John’s Note: Darrell Baker of Centre, Alabama, has been fishing and guiding on Weiss Lake in northeast Alabama for 40 years. He’s seen wintertime drawdowns and droughts and fished in freezing weather during the winter months. The State of Alabama has had one of the worst droughts that we’ve ever seen this past year in 2016. When we went fishing in the middle of November with the lake 6-feet below normal pool, I was surprised when Baker said, “The first thing we’re going to do is shoot docks.”

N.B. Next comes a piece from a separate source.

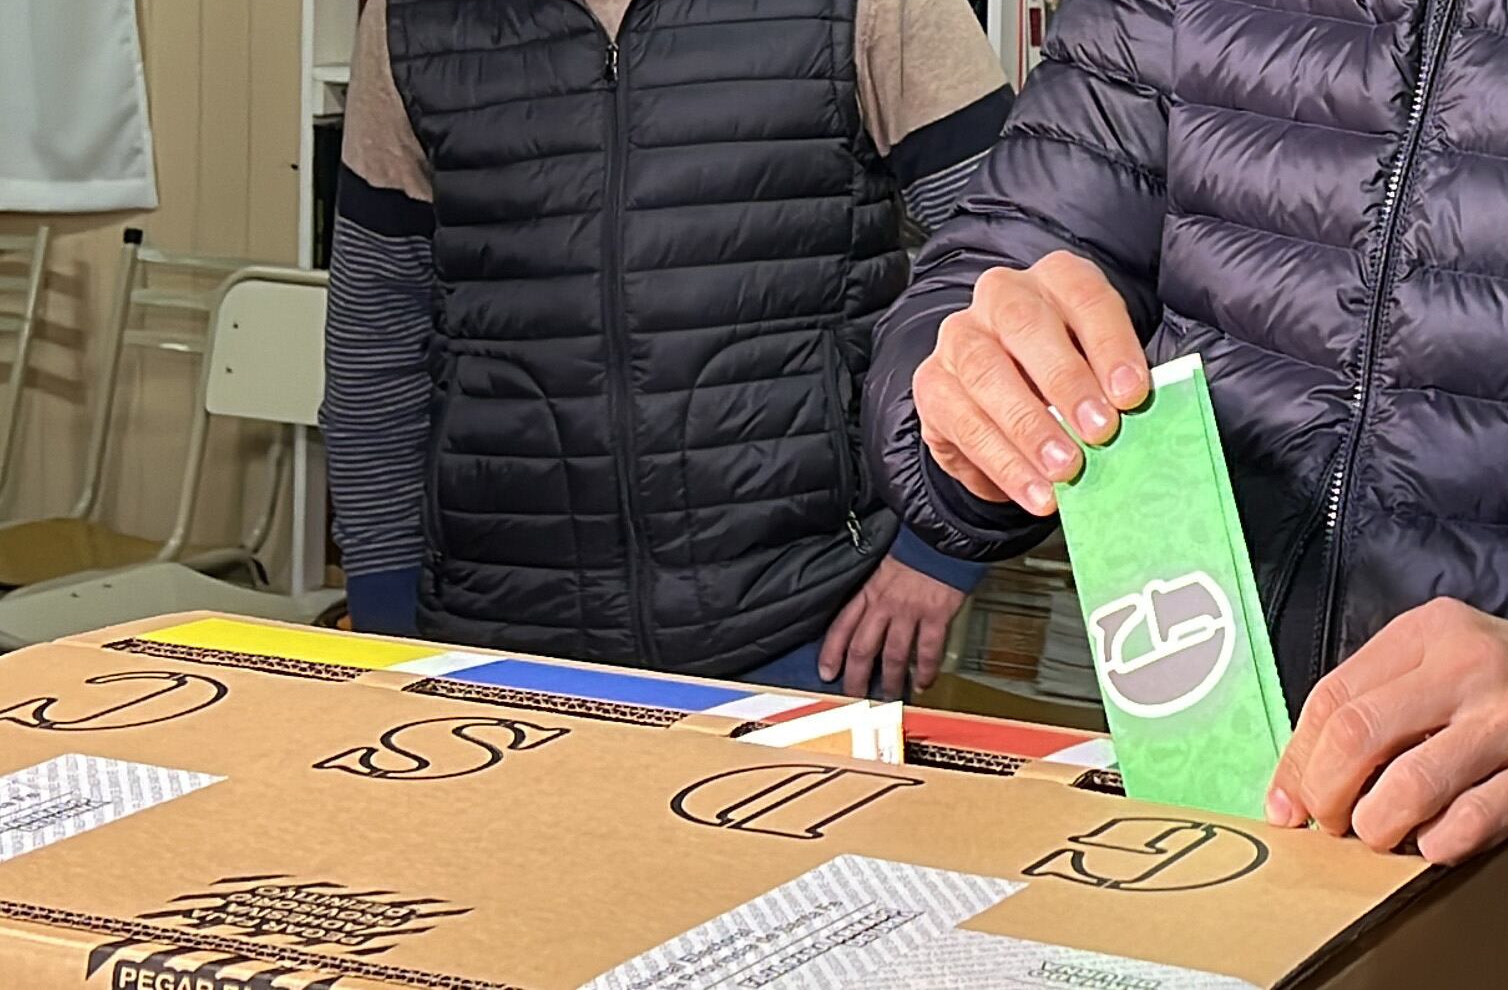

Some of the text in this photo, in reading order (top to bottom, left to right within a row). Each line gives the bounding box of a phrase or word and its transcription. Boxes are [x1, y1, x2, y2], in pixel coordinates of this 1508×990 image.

Most crappie fishermen who shoot docks for crappie view this tactic as a spring and summer way to take crappie. However, Darrell Baker has learned that fall and winter months also are productive times of the year to shoot docks for crappie. During the fall and winter, fewer anglers are on the lake fishing, and the crappie often will school-up under docks then. During the fall and winter months, you’ll rarely if ever see a crappie fisherman shooting docks.
“October is one of my most-productive months for catching large numbers of big crappie under docks,” Baker explains. “As you’ve seen, I can still catch crappie under docks during November and often into the winter months. In Alabama, the water temperature during the first of October may be in the 80- to 90-degree ranges. But when the water temperature begins to fall, the crappie know that winter is on the way, and they need to feed aggressively to put on weight for the winter. So, they will move up from the deeper water and get in the cooler water under the docks and begin to feed heavily.” Because docks have shade and algae growing on the brush and the pilings under a dock, the bait fish will move into this area and start feeding. Then the crappie will feed on the bait fish.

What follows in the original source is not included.